[[ Working data open ]]

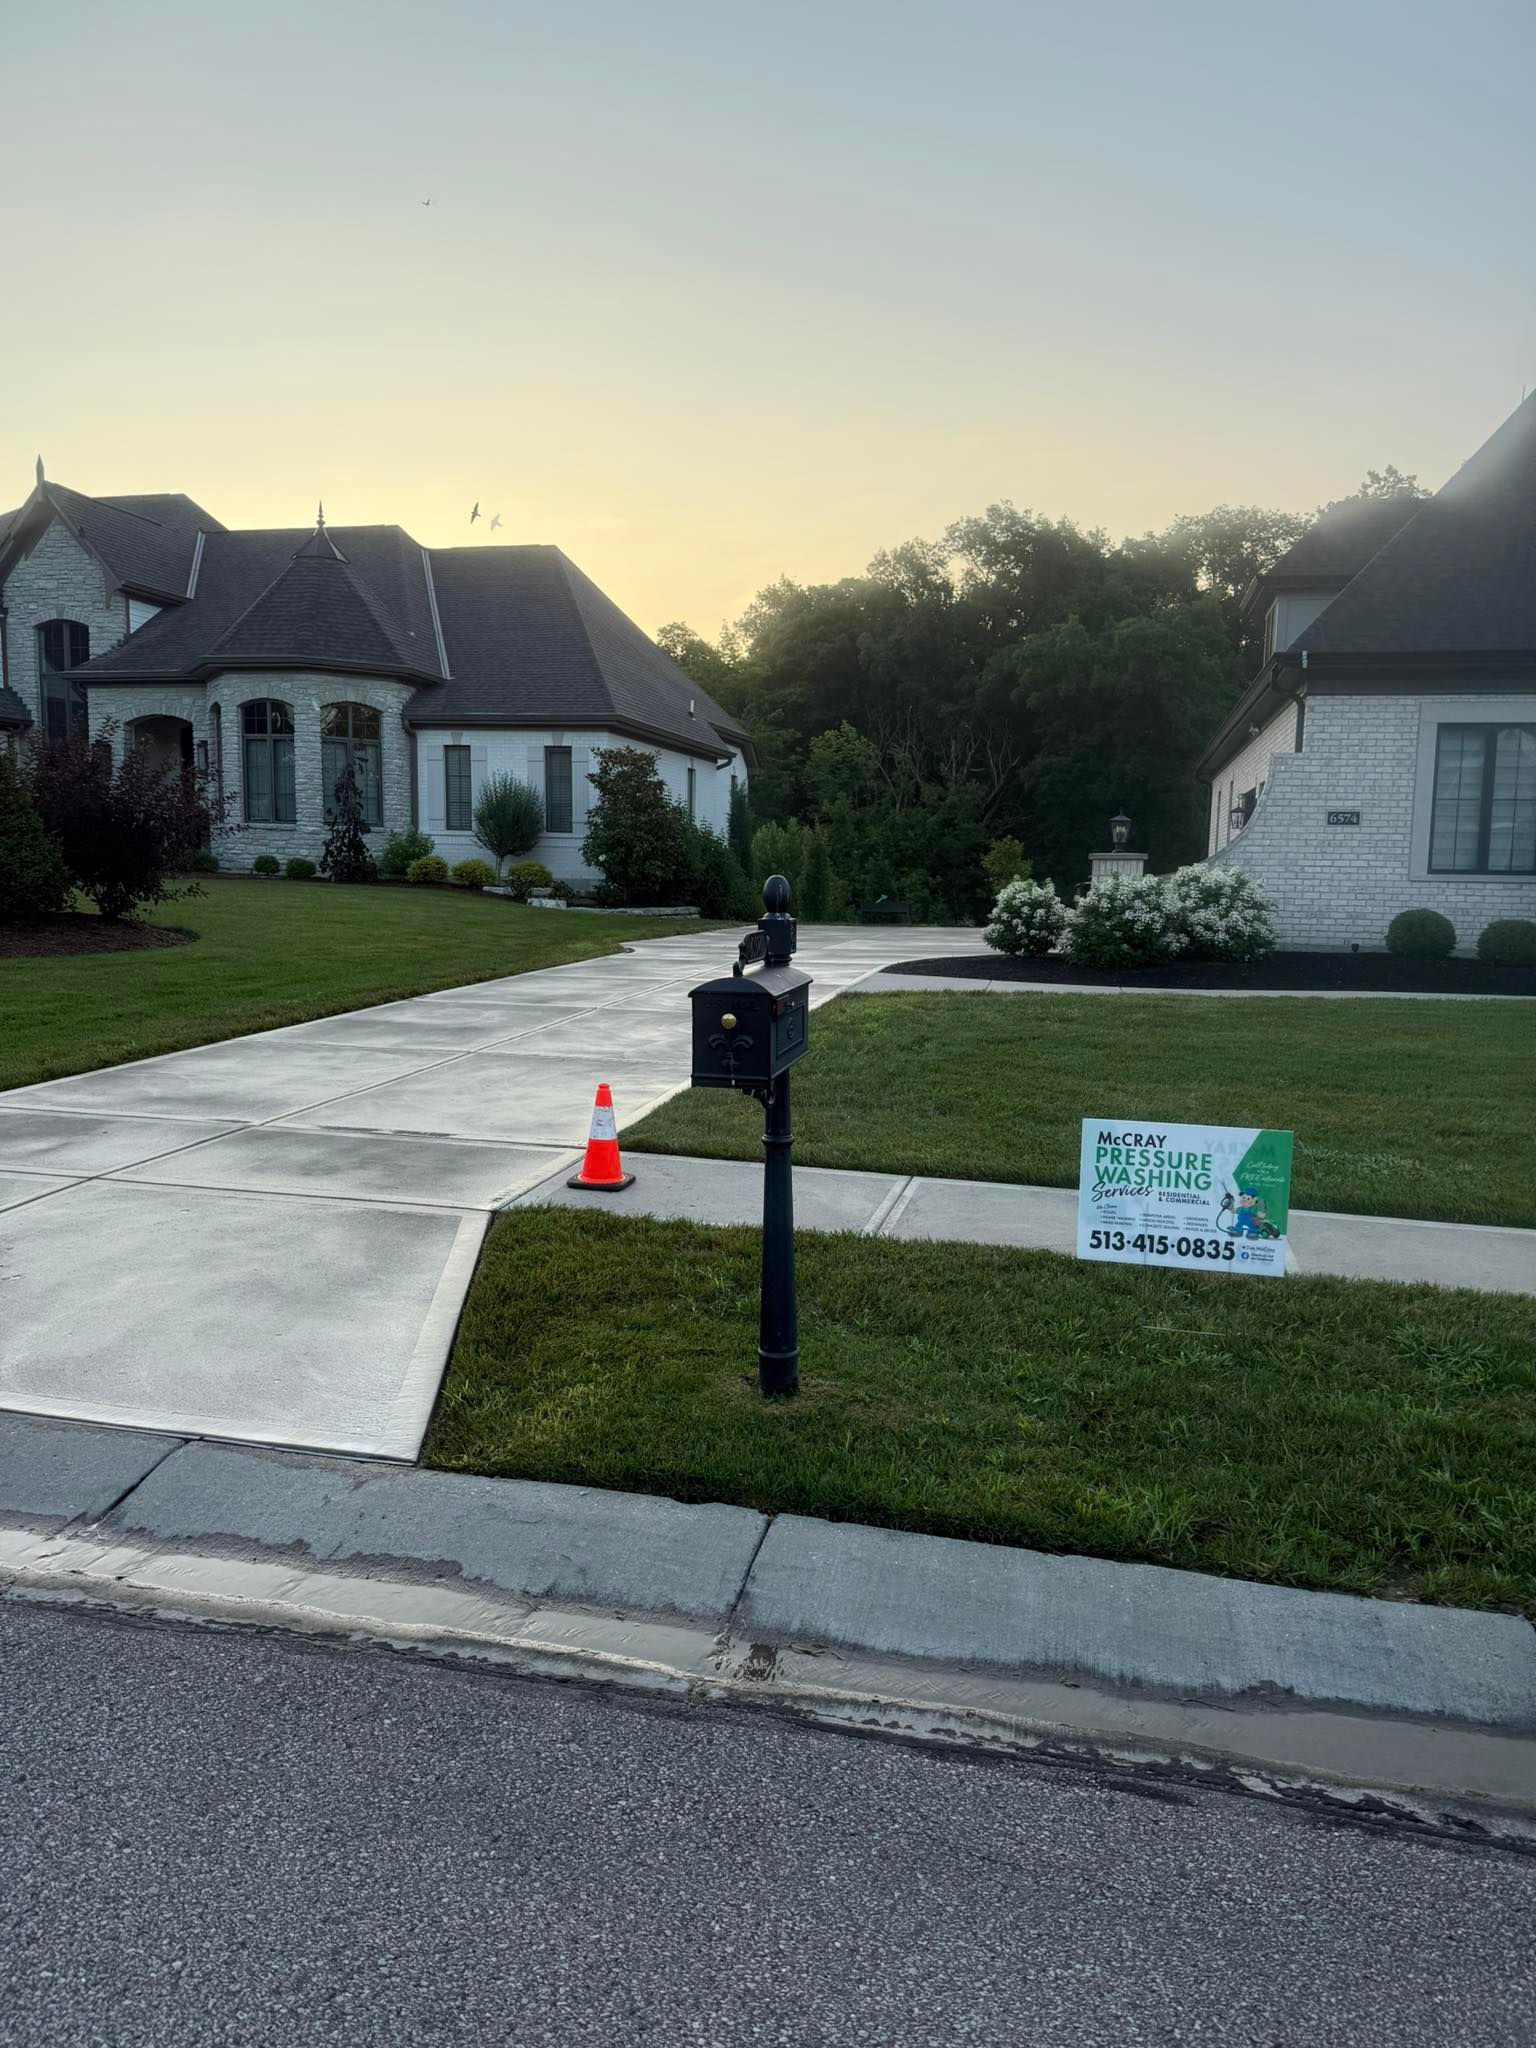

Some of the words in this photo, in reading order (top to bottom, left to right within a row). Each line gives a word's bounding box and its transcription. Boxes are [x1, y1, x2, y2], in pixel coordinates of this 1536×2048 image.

[1330, 812, 1357, 824] 6574
[1097, 1131, 1167, 1148] McCRAY
[1096, 1146, 1212, 1171] PRESSURE
[1094, 1165, 1212, 1191] WASHING
[1091, 1180, 1153, 1203] Services
[1158, 1191, 1200, 1199] RESIDENTIAL
[1165, 1197, 1210, 1206] COMMERCIAL

[[ Working data closed ]]

Exercise: From the first line to the last, give the data again exactly, but without pictures.

Solution to the exercise:
Some of the words in this photo, in reading order (top to bottom, left to right within a row). Each line gives a word's bounding box and its transcription. Boxes are [x1, y1, x2, y2], in pixel coordinates of this 1536×2048 image.

[1330, 812, 1357, 824] 6574
[1097, 1131, 1167, 1148] McCRAY
[1096, 1146, 1212, 1171] PRESSURE
[1094, 1165, 1212, 1191] WASHING
[1091, 1180, 1153, 1203] Services
[1158, 1191, 1200, 1199] RESIDENTIAL
[1165, 1197, 1210, 1206] COMMERCIAL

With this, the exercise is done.